AI, women and the gender gap in Singapore
Singapore is aggressively pursuing AI leadership, with PM Lawrence Wong’s Budget 2026 initiatives — including a National AI Council, better AI literacy in education, and SkillsFuture incentives like free premium AI subscriptions — aiming to capture major economic gains from projected global job creation and regional investment.
However, a Nineby9 report warns of a widening AI gender gap in Singapore and the region. Women face “double exposure”: they hold more jobs vulnerable to AI displacement (e.g., administrative and service roles — 33.8% of disrupted jobs are held by women vs. 28.8% by men, per LinkedIn data), while remaining heavily underrepresented in AI-technical, augmented, and decision-making roles (only ~29% globally).
Unlike the slower-building STEM gender gap (~35% women in Singapore’s STEM workforce), AI’s rapid spread affects most white-collar sectors, risking faster exclusion. Gen Z women are especially vulnerable, with fewer entry-level stepping stones and lower AI training rates.

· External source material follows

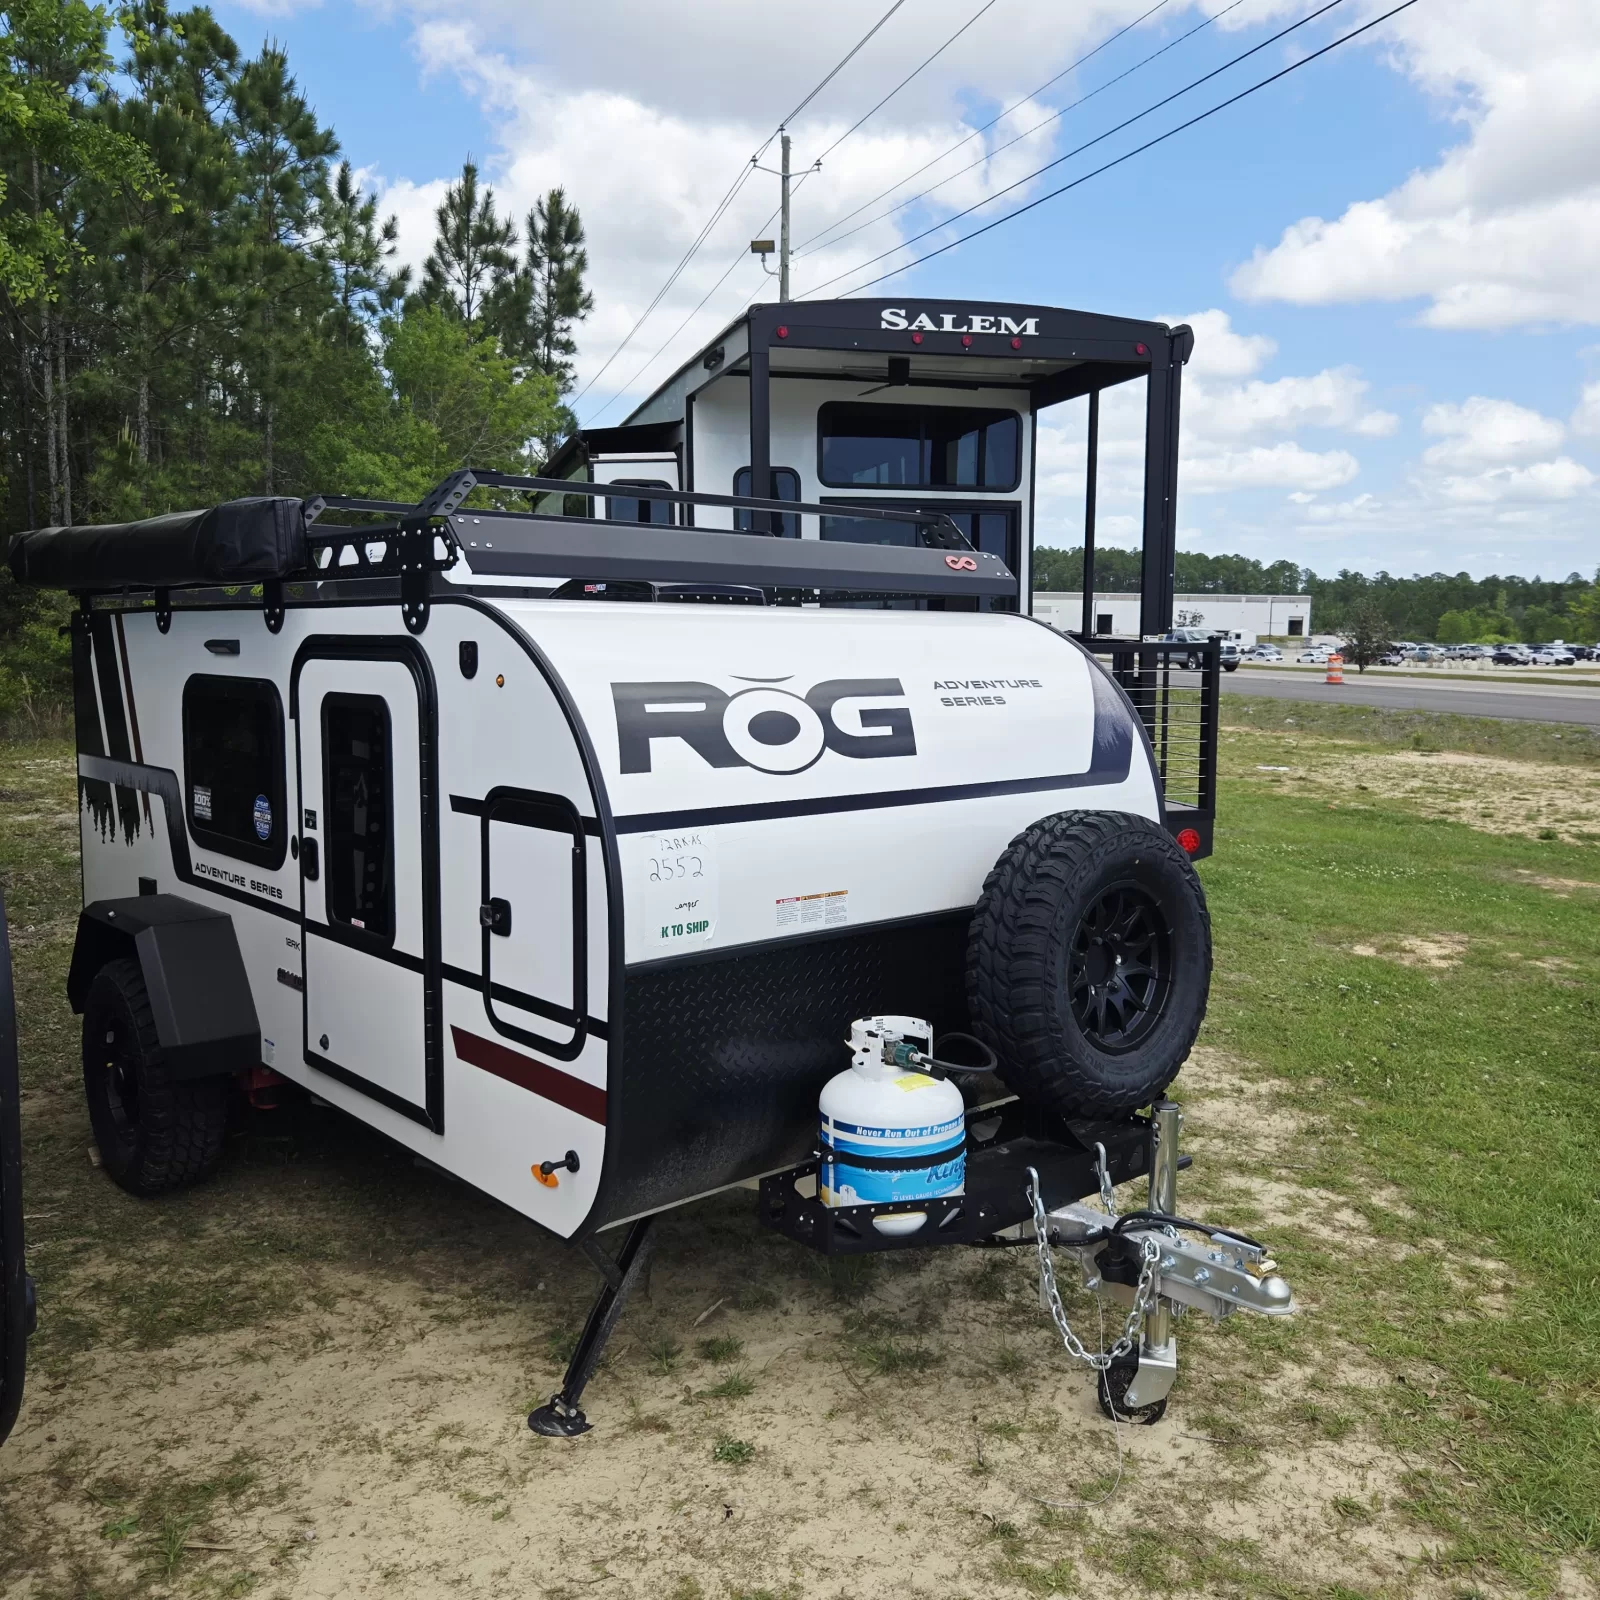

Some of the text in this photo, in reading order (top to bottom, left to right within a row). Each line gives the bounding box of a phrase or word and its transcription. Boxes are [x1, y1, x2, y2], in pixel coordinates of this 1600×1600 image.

Leaders interviewed highlight key issues and solutions:
Women often adopt cautious, thorough approaches to AI experimentation, which can be undervalued in speed-rewarding cultures — though these traits may become strengths as AI matures into governance and reliability phases.
Optional, after-hours upskilling disadvantages women with caregiving responsibilities.
Structural fixes needed: integrate training into work hours, build internal AI communities, offer psychological safety, and — crucially — provide active sponsorship (senior leaders advocating for women in high-visibility AI projects) rather than just mentorship.
Positively, current generative AI tools lower technical barriers, enabling non-technical women (e.g., educators, business owners) to automate routine tasks, boost productivity, and focus on human-centric work — potentially leveling some playing fields when embraced boldly.
While official data shows no clear disproportionate employment impact on women yet, forward-looking risks include slower career progression, reduced visibility in digital leadership, and less influence over how AI is shaped and deployed.
Singapore’s AI ambitions will only fully succeed if inclusion is deliberate: embedding equitable reskilling, sponsorship, and diverse voices in national strategy and company practice. If addressed proactively, AI could narrow — rather than widen — gender inequalities. If ignored, it risks entrenching them at unprecedented speed.